Seriously, did no one think to break Diospyros into separate Genera, Subgenera or Sections? How do you even approaching Identifying all these species? Perhaps many of them are synonyms (Or species Complex)?
There’s no way all of these are Cross Compatible or a hybrid swarm right?
That is a lot of species. However, if you look closely, you will see that not every branch on that tree is a different species. There are, for example, multiple instances of viellardii, veillonii, anisandra, olen, and others. These represent different individual specimens, as seen in Table 1. Looking at multiple specimens of a species allows researchers to get an idea of genetic diversity within a species. (Or decide that they are all different species, if they are splitters ) When different individuals of a species come out in unconnected branches, such as parviflora in this study, it suggests that the species as currently delineated may not reflect the biological reality.
The takeaway here is that these branches represent genetic lineages, not necessarily species per se.
Exactly, that means those repeat species are Polyphyletic or Paraphyletic as currently circumscribed.
or in other words, some of these species are in the wrong place and could be combined/separated into different species.
Makes me wonder how many of these form a species complex?
oh yea… splitters vs lumpers.
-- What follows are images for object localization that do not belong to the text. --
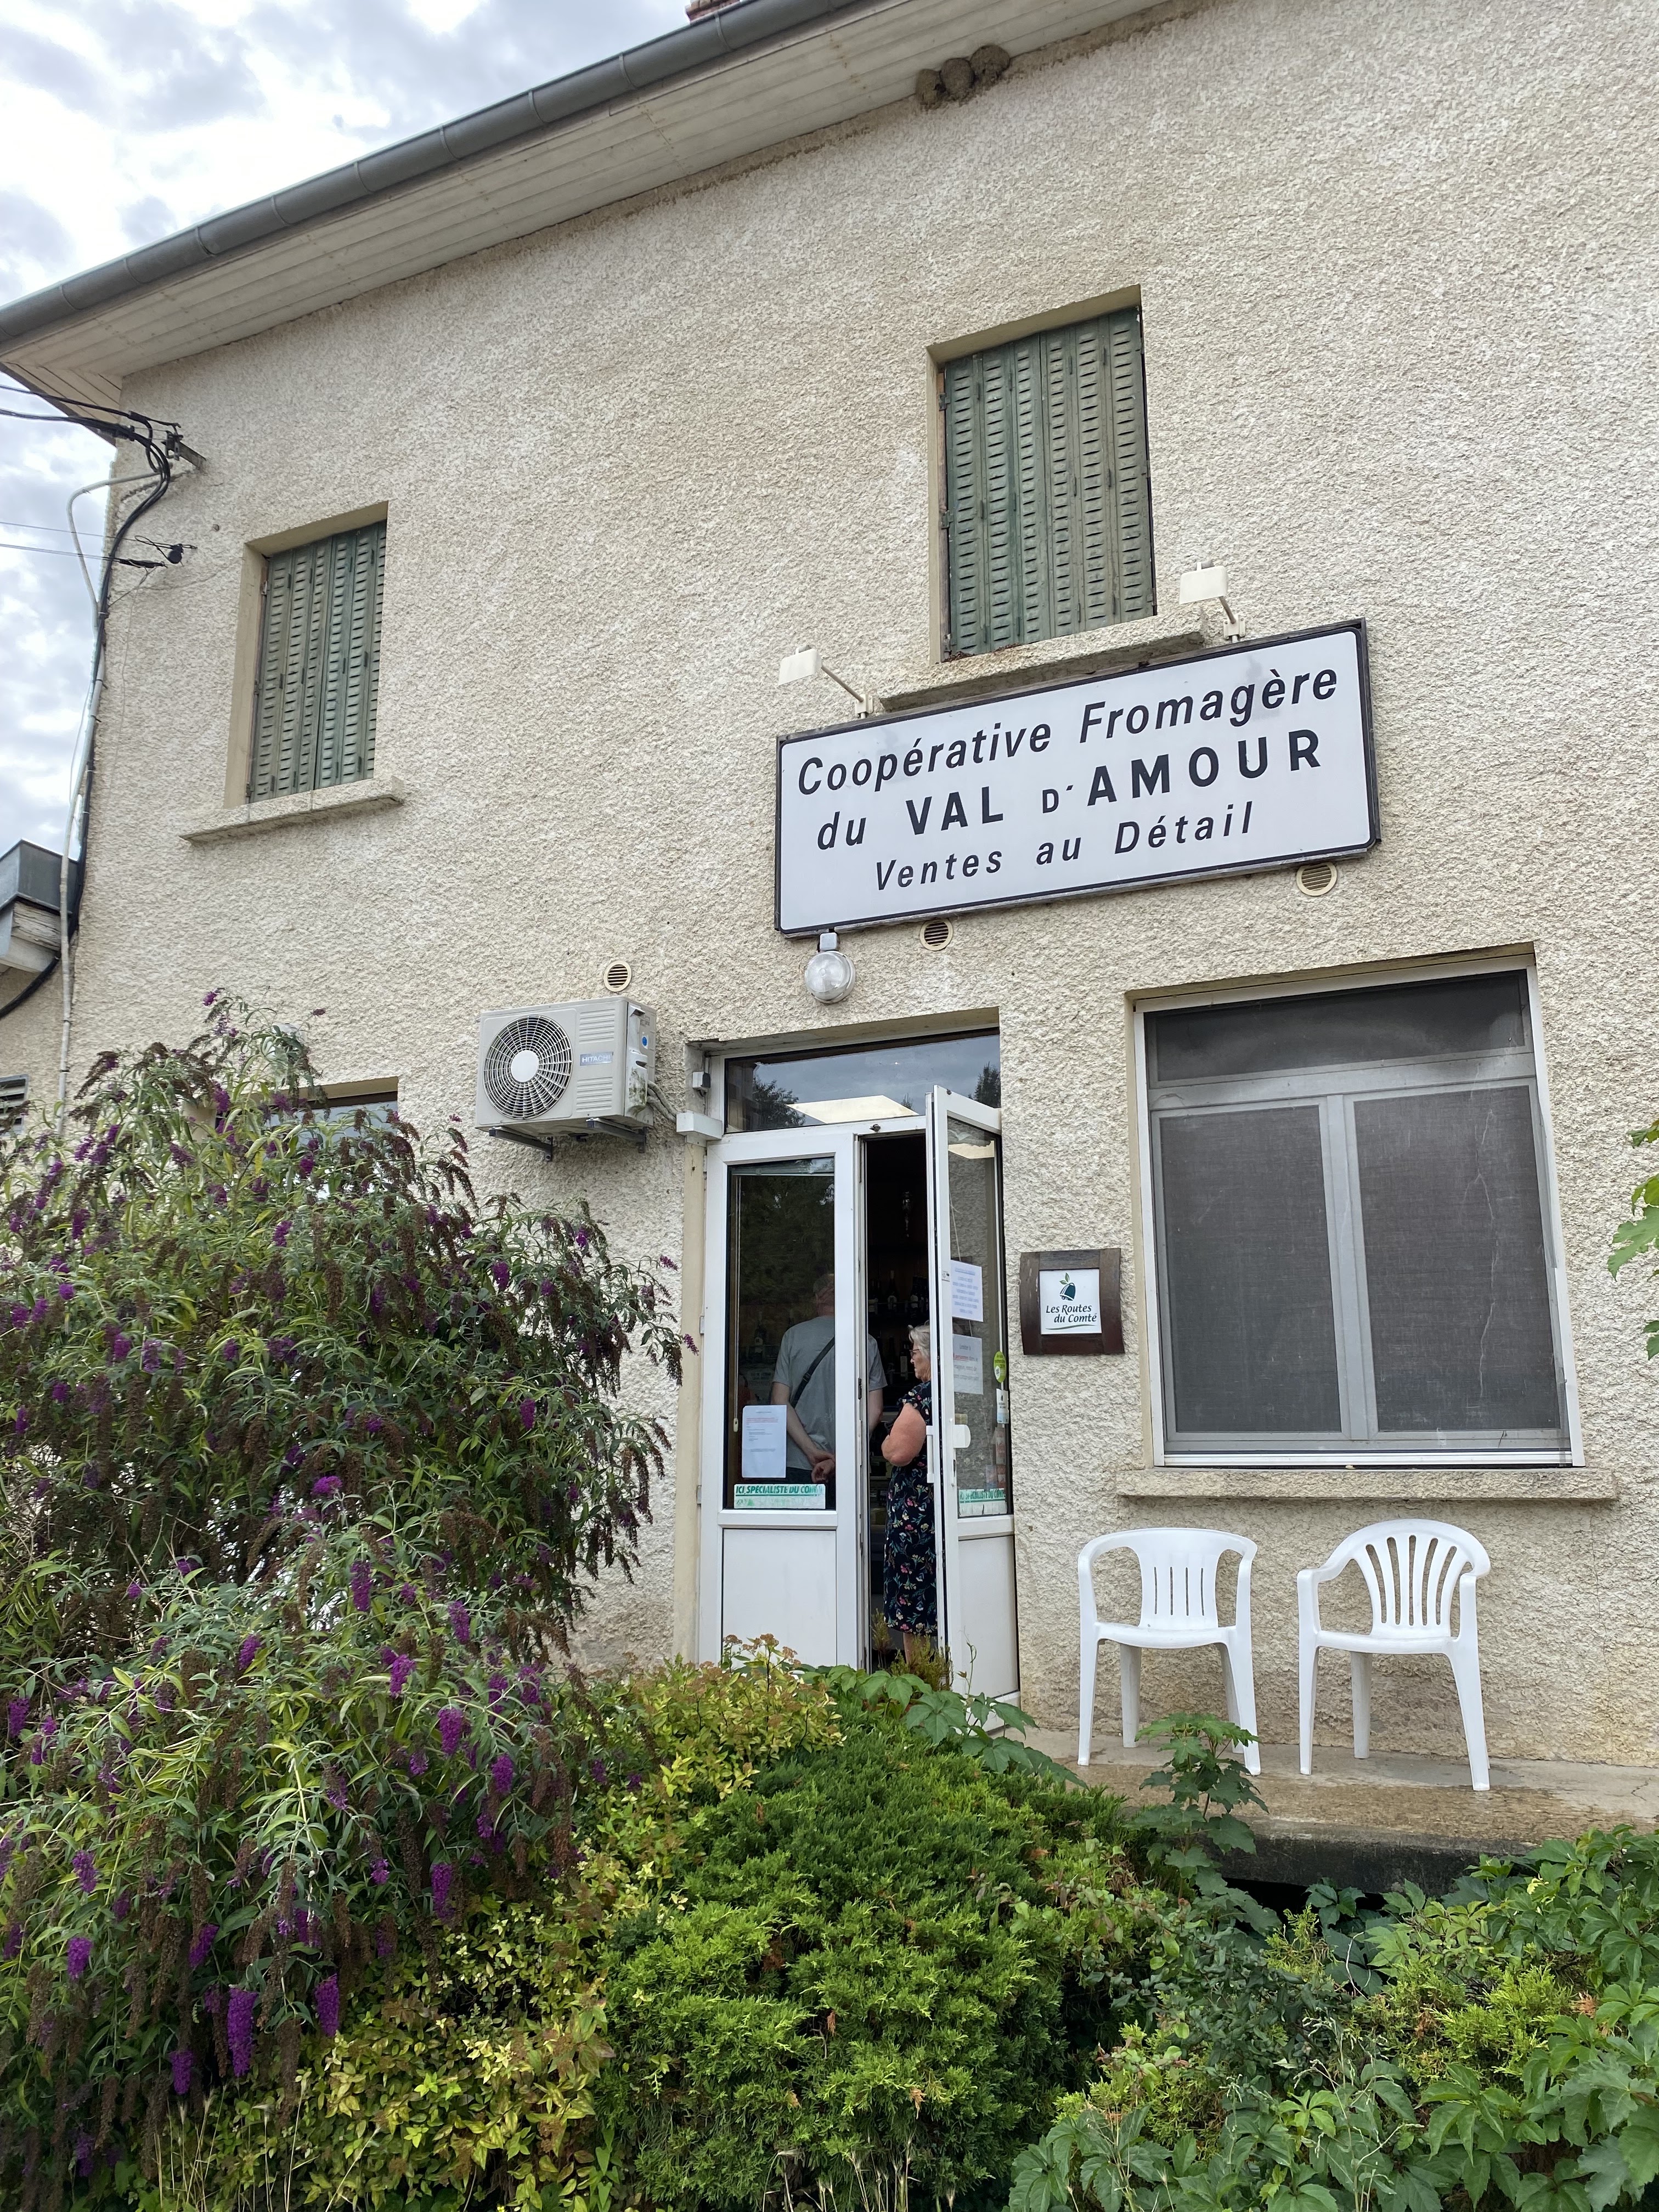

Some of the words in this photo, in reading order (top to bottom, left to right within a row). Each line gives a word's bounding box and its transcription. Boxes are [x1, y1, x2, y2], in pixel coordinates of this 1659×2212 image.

[798, 724, 1051, 795] Coopérative
[1079, 668, 1337, 743] Fromagère
[817, 811, 867, 850] du
[905, 786, 1003, 836] VAL
[876, 851, 1002, 890] Ventes
[1036, 837, 1081, 865] au
[1114, 800, 1252, 854] Détail
[582, 1054, 611, 1063] HITACHI
[1046, 1305, 1059, 1313] Les
[1062, 1304, 1092, 1315] Routes
[1054, 1314, 1065, 1323] du
[1068, 1313, 1098, 1323] Comté
[789, 1486, 799, 1494] DU
Makes me wonder why subspecies aren’t used more often, especially with a species complex.
I wonder if there is any study currently working on sorting these Diospyros spp.. Maybe they could at the very least be sorted into Subgenera & Sections? Or maybe these clades could be named? But I haven’t found any study that does so far or proposes names for them.
Not necessarily. If they come out as, say, three branches of the same clade, with no other species in that clade, that may just indicate genetic variation. D. veillonii in the diagram does this – probably one species given how short the branches are. No species is completely genetically uniform unless it is either apomictic or experiencing severe inbreeding depression.
Very much like what happens to heirlooms when “True to type” is applied?
Like with Heirloom tomatoes, the only way they give you the same traits back is if there’s barely any new reshufflying of genetics in the next generation.
Could something like this be happening in wild species too, especially with Diospyros spp.?
Also what about a species complex? Lines between species are blurred so much, how many species complexes are happening in this tree? and how would we know? very short branches or just by which species hybridizes naturally in the wild (Or both + other things)?